Randomized phase II study of tegafur-uracil/leucovorin versus tegafur-uracil/leucovorin plus oxaliplatin after curative resection of high-risk stage II/III colorectal cancer (SOAC-1101 trial).

PURPOSE

This randomized phase II trial compared tegafur-uracil/leucovorin (UFT/LV) plus oxaliplatin (TEGAFOX) to UFT/LV as adjuvant chemotherapy for patients with high-risk stage II/III colorectal cancer.

METHODS

From 2010 to April 2015, 159 patients who underwent curative resection were randomly assigned to receive TEGAFOX (85 mg/m oxaliplatin on days 1 and 15, 300 mg/m/day UFT and 75 mg/day LV on days 1-28, every 35 days for five cycles) or UFT/LV. The primary study endpoint was disease-free survival.

RESULTS

The 3-year disease-free survival rate was 84.2% in the TEGAFOX arm, versus 62.1% for UFT/LV. The stratified hazard ratio for disease-free survival for TEGAFOX compared to UFT/LV was 0.338 (P < 0.01). The incidence of any-grade adverse events was significantly higher in the TEGAFOX arm (96.1%) than in the UFT/LV arm (76.6%; P < 0.01).
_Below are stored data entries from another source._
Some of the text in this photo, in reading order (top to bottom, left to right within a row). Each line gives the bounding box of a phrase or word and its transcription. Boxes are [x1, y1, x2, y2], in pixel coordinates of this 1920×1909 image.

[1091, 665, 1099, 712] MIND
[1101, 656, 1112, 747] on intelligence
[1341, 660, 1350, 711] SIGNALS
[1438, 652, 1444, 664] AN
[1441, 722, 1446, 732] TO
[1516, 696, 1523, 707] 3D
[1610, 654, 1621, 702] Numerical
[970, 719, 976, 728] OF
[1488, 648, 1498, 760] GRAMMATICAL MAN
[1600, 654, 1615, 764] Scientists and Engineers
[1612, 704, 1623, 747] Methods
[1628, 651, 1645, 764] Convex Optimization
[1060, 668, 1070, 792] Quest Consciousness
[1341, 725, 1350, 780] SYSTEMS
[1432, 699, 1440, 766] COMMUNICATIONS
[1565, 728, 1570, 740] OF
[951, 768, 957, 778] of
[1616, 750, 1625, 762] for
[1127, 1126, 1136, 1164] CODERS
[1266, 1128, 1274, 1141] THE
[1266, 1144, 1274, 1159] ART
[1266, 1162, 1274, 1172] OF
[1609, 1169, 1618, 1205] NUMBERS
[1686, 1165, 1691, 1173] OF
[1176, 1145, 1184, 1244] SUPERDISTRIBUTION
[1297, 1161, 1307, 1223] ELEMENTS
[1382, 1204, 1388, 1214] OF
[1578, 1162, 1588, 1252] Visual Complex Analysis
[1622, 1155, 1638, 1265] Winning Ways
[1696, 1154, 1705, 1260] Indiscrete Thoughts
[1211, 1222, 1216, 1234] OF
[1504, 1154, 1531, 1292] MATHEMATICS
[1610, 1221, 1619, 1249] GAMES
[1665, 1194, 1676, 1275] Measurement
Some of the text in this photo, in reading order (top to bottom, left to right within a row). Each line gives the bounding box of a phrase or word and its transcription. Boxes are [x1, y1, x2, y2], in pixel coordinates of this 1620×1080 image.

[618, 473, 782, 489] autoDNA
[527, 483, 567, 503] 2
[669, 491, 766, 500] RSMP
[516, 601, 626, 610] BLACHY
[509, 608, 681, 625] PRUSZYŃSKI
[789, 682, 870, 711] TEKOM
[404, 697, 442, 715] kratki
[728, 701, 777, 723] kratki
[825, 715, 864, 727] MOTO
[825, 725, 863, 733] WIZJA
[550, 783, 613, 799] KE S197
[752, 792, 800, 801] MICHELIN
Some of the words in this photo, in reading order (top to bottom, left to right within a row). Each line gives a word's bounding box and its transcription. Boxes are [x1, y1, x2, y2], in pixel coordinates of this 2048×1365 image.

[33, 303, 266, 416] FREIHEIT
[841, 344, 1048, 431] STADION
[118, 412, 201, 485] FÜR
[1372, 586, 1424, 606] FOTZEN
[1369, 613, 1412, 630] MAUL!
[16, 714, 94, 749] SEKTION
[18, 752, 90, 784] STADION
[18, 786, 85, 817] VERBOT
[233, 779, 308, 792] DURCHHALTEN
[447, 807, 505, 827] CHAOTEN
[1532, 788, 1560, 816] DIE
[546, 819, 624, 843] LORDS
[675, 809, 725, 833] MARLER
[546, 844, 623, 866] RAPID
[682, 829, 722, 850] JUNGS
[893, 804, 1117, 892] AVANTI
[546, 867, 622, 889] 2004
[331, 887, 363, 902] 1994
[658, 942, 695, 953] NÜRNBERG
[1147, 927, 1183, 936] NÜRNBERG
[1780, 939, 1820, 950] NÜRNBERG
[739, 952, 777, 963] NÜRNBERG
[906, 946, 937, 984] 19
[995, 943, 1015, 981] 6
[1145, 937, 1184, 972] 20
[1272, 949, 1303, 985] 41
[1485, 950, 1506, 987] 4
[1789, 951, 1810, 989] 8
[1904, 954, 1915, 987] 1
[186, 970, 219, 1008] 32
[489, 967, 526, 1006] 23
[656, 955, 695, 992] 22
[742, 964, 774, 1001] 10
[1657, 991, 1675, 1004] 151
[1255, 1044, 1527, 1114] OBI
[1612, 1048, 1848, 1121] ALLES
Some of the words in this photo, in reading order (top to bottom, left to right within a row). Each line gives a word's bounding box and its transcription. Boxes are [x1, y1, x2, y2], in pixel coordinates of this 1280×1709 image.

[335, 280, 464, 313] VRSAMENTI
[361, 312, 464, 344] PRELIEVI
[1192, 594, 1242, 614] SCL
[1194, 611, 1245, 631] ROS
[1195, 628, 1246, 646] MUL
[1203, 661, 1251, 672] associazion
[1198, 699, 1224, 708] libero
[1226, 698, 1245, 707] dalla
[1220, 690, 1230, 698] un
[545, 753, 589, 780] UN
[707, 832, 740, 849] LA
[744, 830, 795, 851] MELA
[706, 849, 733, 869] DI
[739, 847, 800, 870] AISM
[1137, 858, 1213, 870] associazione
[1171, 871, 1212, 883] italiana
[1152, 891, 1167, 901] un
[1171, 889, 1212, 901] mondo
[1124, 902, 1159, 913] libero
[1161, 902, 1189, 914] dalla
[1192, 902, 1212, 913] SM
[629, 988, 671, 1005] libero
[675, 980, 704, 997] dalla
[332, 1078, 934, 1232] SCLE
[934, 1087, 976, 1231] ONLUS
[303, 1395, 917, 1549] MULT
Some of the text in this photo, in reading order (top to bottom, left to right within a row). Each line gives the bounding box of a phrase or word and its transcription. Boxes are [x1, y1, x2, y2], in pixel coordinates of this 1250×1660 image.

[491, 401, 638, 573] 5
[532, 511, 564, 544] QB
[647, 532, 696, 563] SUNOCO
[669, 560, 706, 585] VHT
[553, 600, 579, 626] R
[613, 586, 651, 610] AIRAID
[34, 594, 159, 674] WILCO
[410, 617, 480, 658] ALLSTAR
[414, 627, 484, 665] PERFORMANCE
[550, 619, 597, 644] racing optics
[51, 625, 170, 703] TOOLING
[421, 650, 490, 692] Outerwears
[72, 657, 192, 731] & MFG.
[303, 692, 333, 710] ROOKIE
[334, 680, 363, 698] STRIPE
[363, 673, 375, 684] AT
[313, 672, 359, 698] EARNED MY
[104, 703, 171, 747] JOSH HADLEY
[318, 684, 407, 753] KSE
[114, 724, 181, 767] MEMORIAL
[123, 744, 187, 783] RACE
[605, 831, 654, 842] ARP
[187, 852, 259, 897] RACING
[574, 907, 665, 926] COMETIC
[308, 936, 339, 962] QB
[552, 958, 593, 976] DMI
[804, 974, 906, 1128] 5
The rates of any-grade neutropenia, thrombocytopenia, aspartate aminotransferase/alanine aminotransferase elevation, and peripheral sensory neuropathy were higher in the TEGAFOX group, whereas the incidence of grade ≥ 3 adverse events did not differ between the groups.

CONCLUSIONS

TEGAFOX is an additional adjuvant chemotherapy option for high-risk stage II/III colorectal cancer.

TRIAL REGISTRATION

UMIN ID: 000007696, date of registration: April 10, 2012.